Paracelso (1494-1541)
La elaboración de diversos
modelos más o menos coincidentes, de nuestro sistema planetario nos proporcionó
una visión del universo en el que la Tierra dejó de ser el centro, y nos permitió comprender que nuestro planeta gira sólo en torno a una de las incontables estrellas
similares que se arraciman en la galaxia. Por sorprendente que pueda parecer, hasta bien entrado el siglo XX nunca se había
atrevido nadie a afirmar, como lo hizo el astrónomo estadounidense Harlow Shapley, que nuestro sol no solo no era tampoco el "nuevo" centro, sino que ni siquiera era único o especial en cualquier
sentido que se considerase. Y es que cuantas más observaciones, mediciones y comprobaciones se
realizan más mediocre parece ser nuestra posición en el universo.
Pero
las cosas fueron muy distintas en el pasado. En la
primitiva teoría propuesta por Claudio Tolomeo (100-170) se
recopilaban tanto las mediciones de sus
predecesores griegos como babilonios, a la
par que realizaba algunas por su cuenta, a fin de elaborar un modelo de universo que pudiera explicar todo lo que había observado. Este
sabio, durante
el esplendor de la Alejandría del siglo II, concibió la idea de una Tierra esférica e inmóvil ocupando el centro del universo, mientras que una vasta esfera el primun mobile,
giraba alrededor de ese centro fijo, arrastrando consigo a todos los cuerpos celestes.

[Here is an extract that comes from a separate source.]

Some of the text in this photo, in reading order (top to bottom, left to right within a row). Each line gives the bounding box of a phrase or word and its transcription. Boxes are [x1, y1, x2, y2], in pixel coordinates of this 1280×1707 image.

Esferas de cristal transparente giraban portando el Sol, la Luna y los planetas. Como también debía de explicar el movimiento respectivo de unos planetas con relación a los otros, y de todos ellos respecto de las estrellas, supuso
que cada esfera giraba a un ritmo diferente. La esfera exterior portaba las
estrellas y giraba a un ritmo de un poco más de una
vuelta diaria. Así daba cuenta de por qué las
estrellas cruzan el cielo cada noche y por qué se observan diferentes estrellas en el cielo en invierno y
en verano. La cosa se complicaba en el caso de los planetas,
pero lo resolvió imaginando que estos cuerpos
giraban alrededor de pequeños círculos, llamados epiciclos, que a su vez
rodaban sobre las esferas principales.
La vieja doctrina griega predominante del geocentrismo y la idea de que el movimiento de los cielos se hace en círculos
y esferas por ser
éstas figuras geométricas que denotan perfección e inmutabilidad, caló profundamente en el universo científico durante milenio y medio.

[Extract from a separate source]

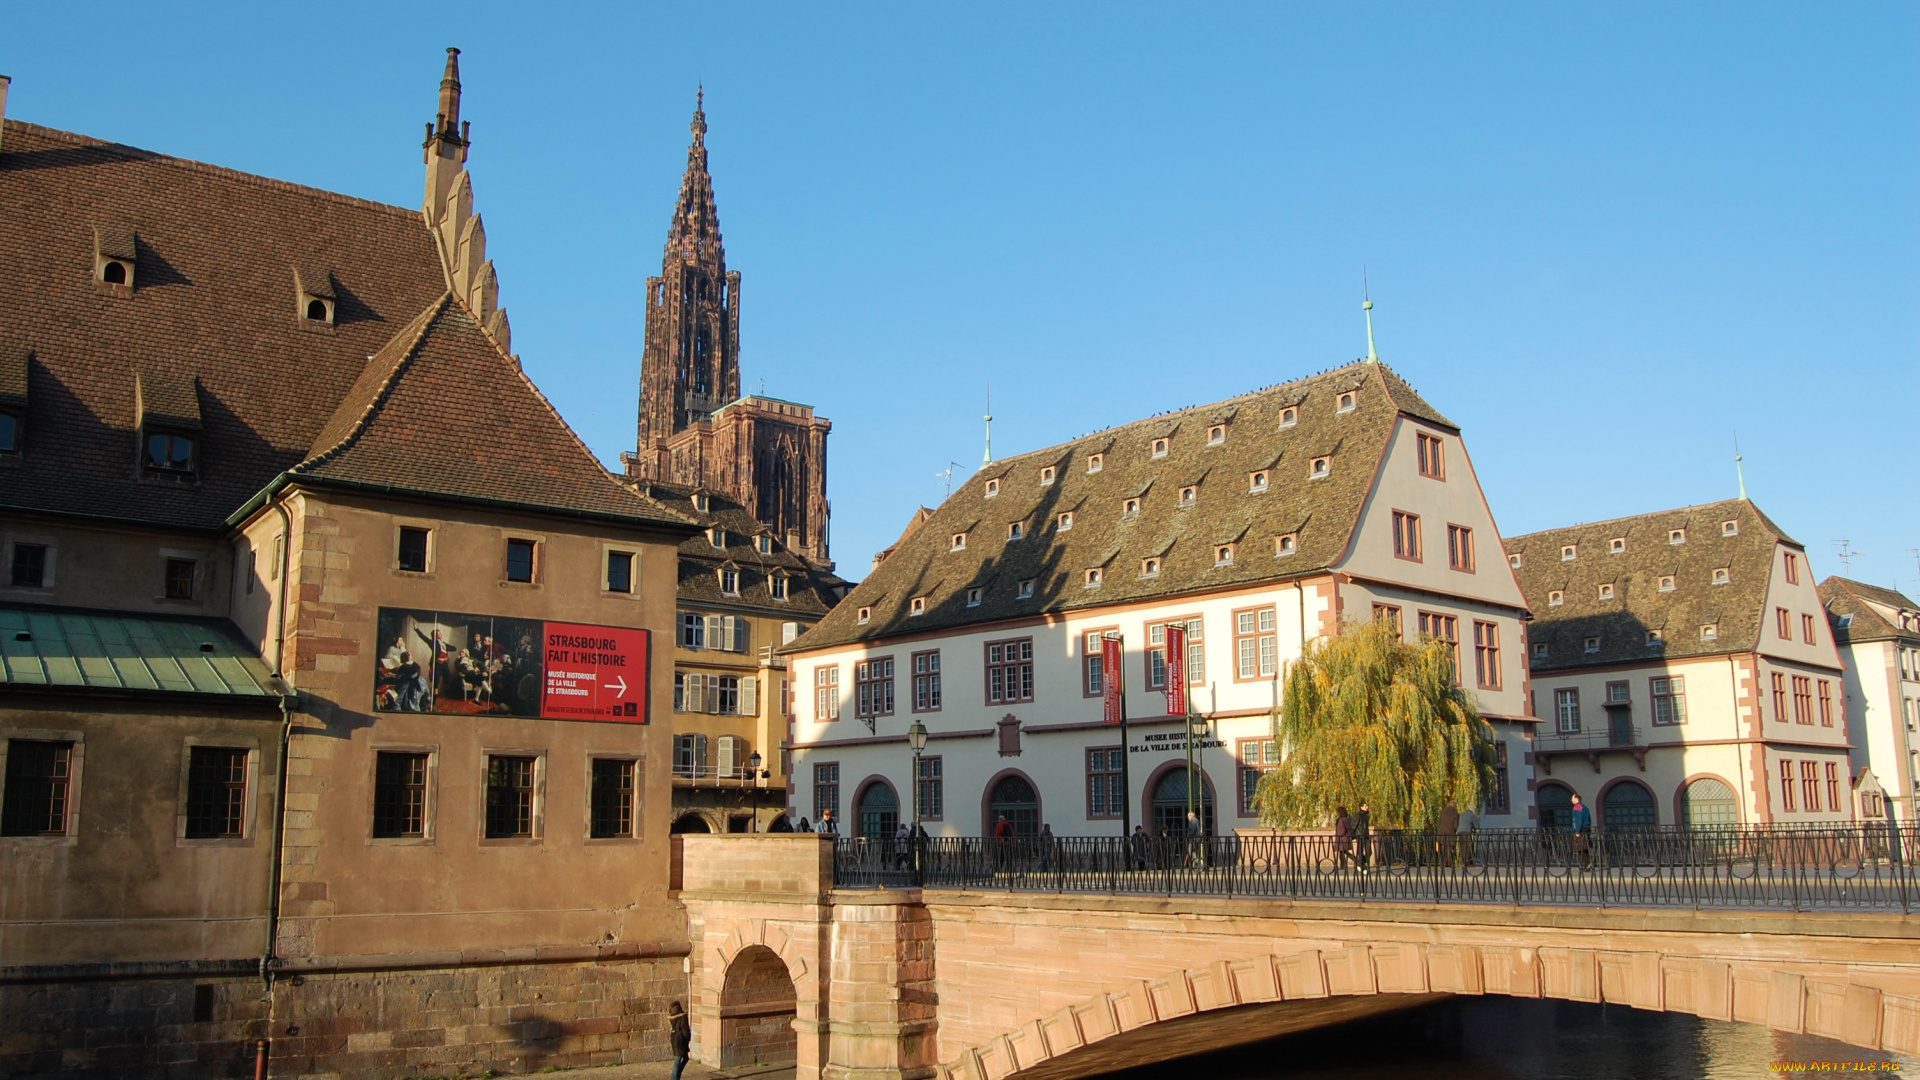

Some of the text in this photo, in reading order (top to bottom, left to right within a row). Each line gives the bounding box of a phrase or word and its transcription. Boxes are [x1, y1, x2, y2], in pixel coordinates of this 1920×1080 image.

[549, 634, 616, 651] STRASBOURG
[548, 650, 626, 666] FAIT L'HISTOIRE
[566, 672, 596, 680] HISTORIQUE
[556, 688, 588, 696] STRASBOURG

Solo cuando el sistema tolomeico
fue sometido a la prueba de las técnicas más depuradas de observación, éste empezó a cuartearse. Cuando Tolomeo calculó los tamaños y los ritmos rotacionales de las
esferas dentro de otras esferas, procuró que se ajustasen a las observaciones disponibles de su tiempo. Pero a
finales de la Edad Media, los astrónomos que calculasen con
las nuevas técnicas dónde debía estar un planeta, se encontraban con
que eran incapaces de localizarlo. Algunos, con más buena voluntad que otra cosa, trataron de hacer
pequeños ajustes en las esferas, pero la autoridad del antiguo saber
reforzado por las creencias religiosas vigentes era tan grande, que a
nadie se le ocurrió
ni por
asomo revisar por completo el sistema.
Explicar correctamente los movimientos de los planetas hacía necesario situar el Sol en el centro y pensar en la Tierra moviéndose en órbita a su alrededor.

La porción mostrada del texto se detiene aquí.